Thursday, August 7, 2008

Had enough..

Went to my mother in laws for dinner this evening..it was great to visit with her. That is until my nephew and sister in law got there. I don't know what it is about the boys not getting along on turf that is not my house. I should rephrase that. I don't know what it is about Dylan misbehaving and picking on Matthew all of the time outside of our house. It is absolutely insane.

My mil lives in a duplex, and the other side became vacant so my sil moved in the other side. Oh lord, I see this turning into trouble. It is bad enough that the spare bedroom at my mil's is really a room for Dylan. He has an abundance of toys there, and just too much stuff that really shouldn't be there. Now with him living right next door..you would think that he wouldn't need all of that stuff there, but I am wrong.

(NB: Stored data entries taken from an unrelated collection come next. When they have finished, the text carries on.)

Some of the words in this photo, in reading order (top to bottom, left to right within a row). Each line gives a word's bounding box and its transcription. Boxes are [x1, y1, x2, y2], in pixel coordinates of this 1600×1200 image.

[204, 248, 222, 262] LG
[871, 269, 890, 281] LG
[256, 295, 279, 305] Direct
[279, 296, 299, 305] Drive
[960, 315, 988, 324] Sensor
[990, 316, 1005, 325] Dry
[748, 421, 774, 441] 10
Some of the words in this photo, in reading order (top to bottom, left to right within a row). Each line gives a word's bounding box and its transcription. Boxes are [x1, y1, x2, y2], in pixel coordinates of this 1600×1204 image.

Matthew can't touch a single thing over there without Dylan freaking out. I then have to always play the fair card and always jump in when things get out of hand. Matthew isn't doing anything wrong, but yet I feel like I have to be the referee...all of the while Dylan is getting empty threats from Michelle to share or he won't get this, or that..and then all of a sudden he has a popsicle in is mouth. Such a great reward for being a turd and not sharing, or insisting on taking things away from Matthew when it is clear Matthew is having a good time and is being a good boy.

Again I will say I am not mother of the year. I have alot to work on in my own techniques..but I do not allow the abundance of sugar in my house that my nephew gets. It amazes me.

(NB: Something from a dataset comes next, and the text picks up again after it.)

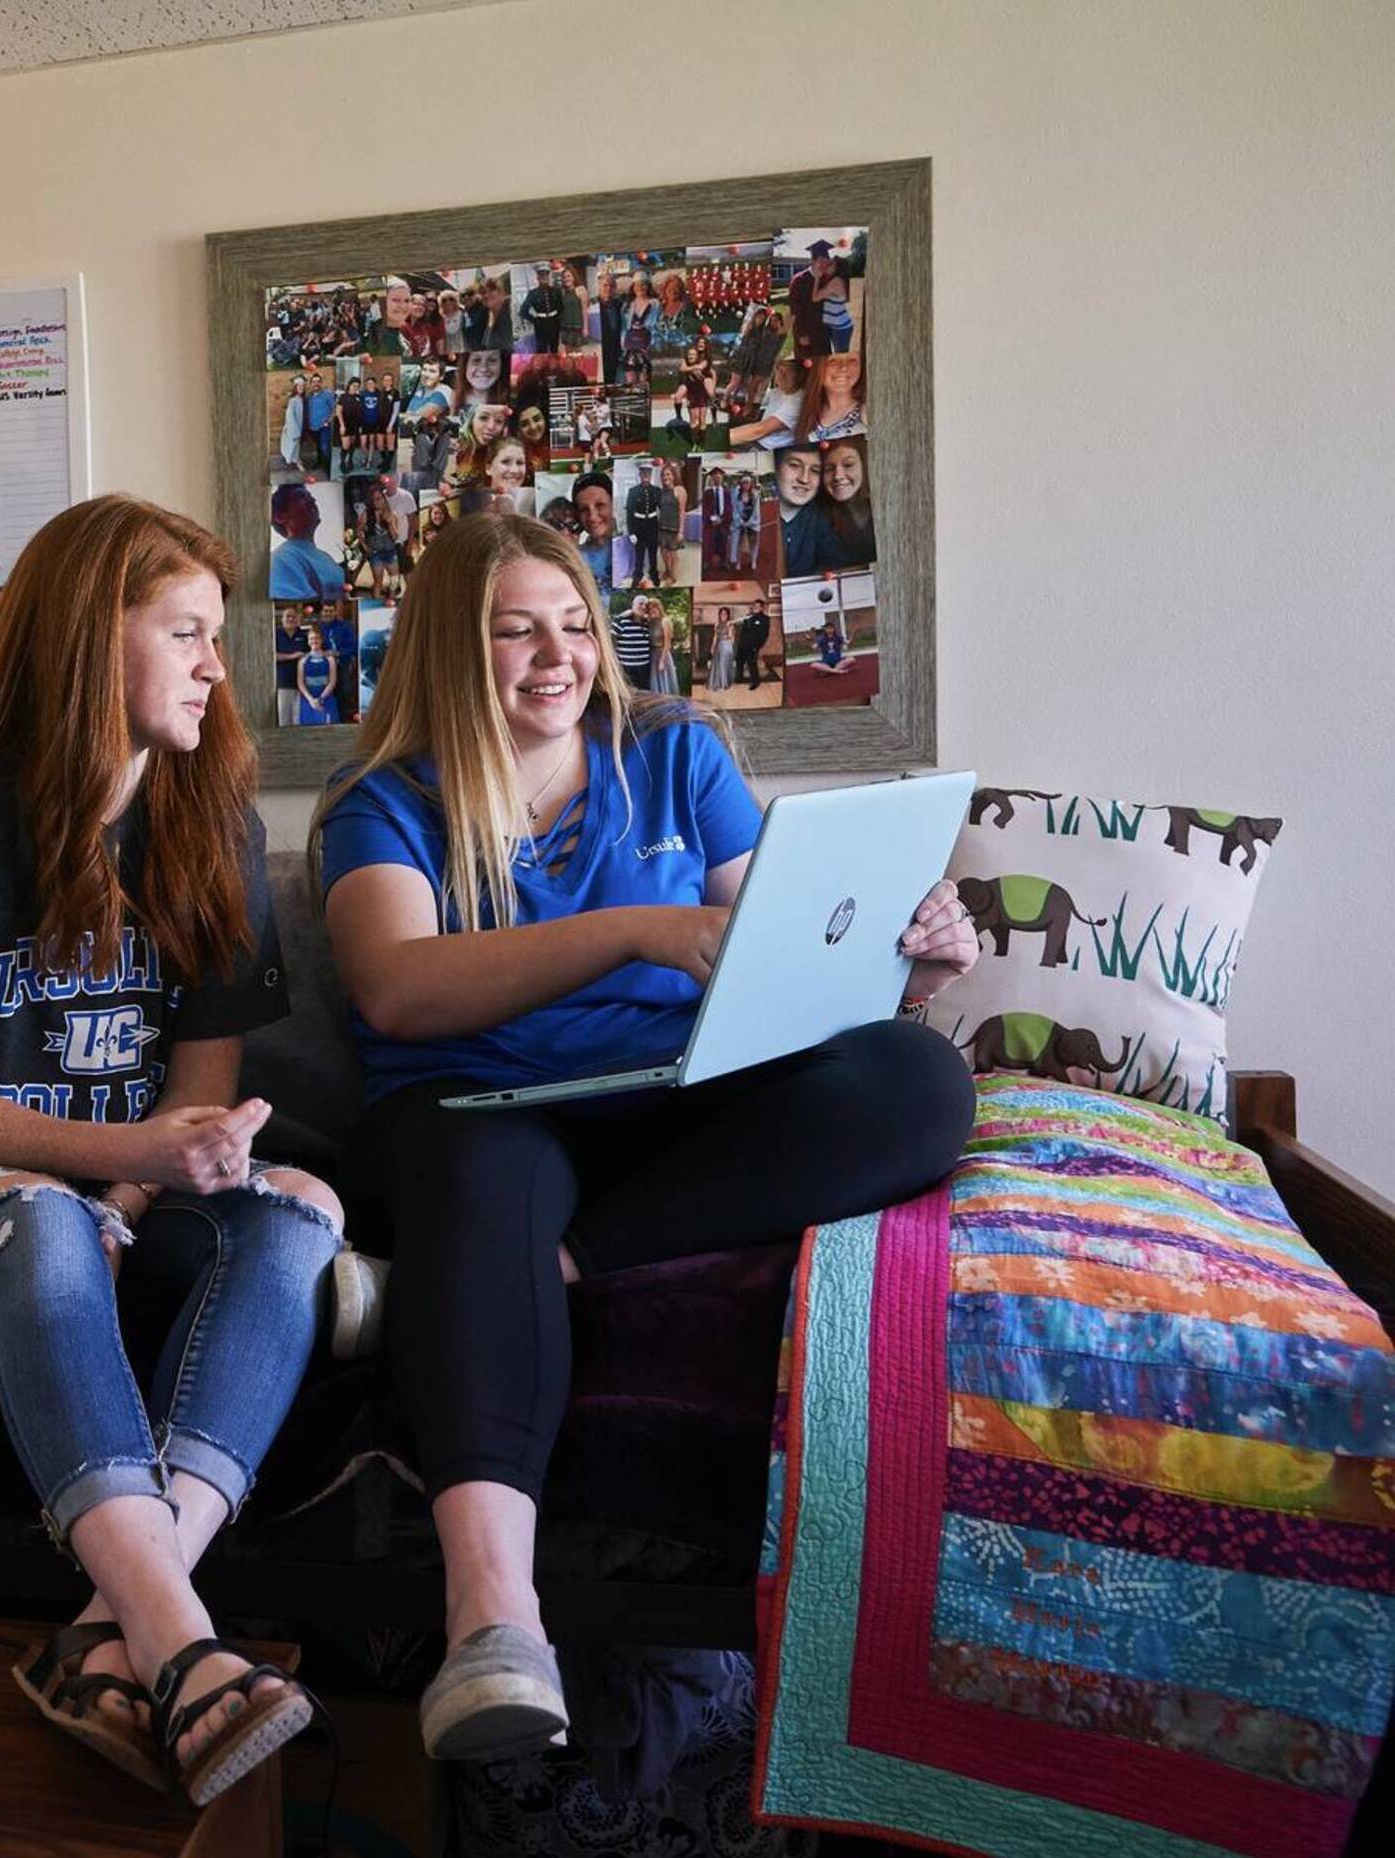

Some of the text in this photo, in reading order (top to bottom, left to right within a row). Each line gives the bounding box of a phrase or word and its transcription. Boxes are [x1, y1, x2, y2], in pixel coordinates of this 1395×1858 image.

[13, 390, 43, 400] Varsity
[826, 897, 855, 946] hp
[62, 1006, 143, 1074] UC

I don't understand why this kid is such an angel when he comes to play at my house with Matthew when my sil isn't there. He is always so good, and listens and says please and thank you and knows that when he takes something he isn't supposed to, he is to give it back and say he is sorry. Maybe he is scared of me? I can't figure it out. But add his mother into the situation, and things get crazy. Part of me thinks when we are all together that Dylan is convinced that Matthew might want to nurse off of my sil..which would never ever happen..but maybe that is why he gets so territorial? I just wish it would stop. And now my sil wants to send my nephew to Matthew's new daycare. NOOOOOO!

It didn't work the first 2 times, lets stop while we are ahead. I don't want this child following my son from daycare to daycare..they don't need to go to the same place. Let them have a break from eachother already!

Rant over.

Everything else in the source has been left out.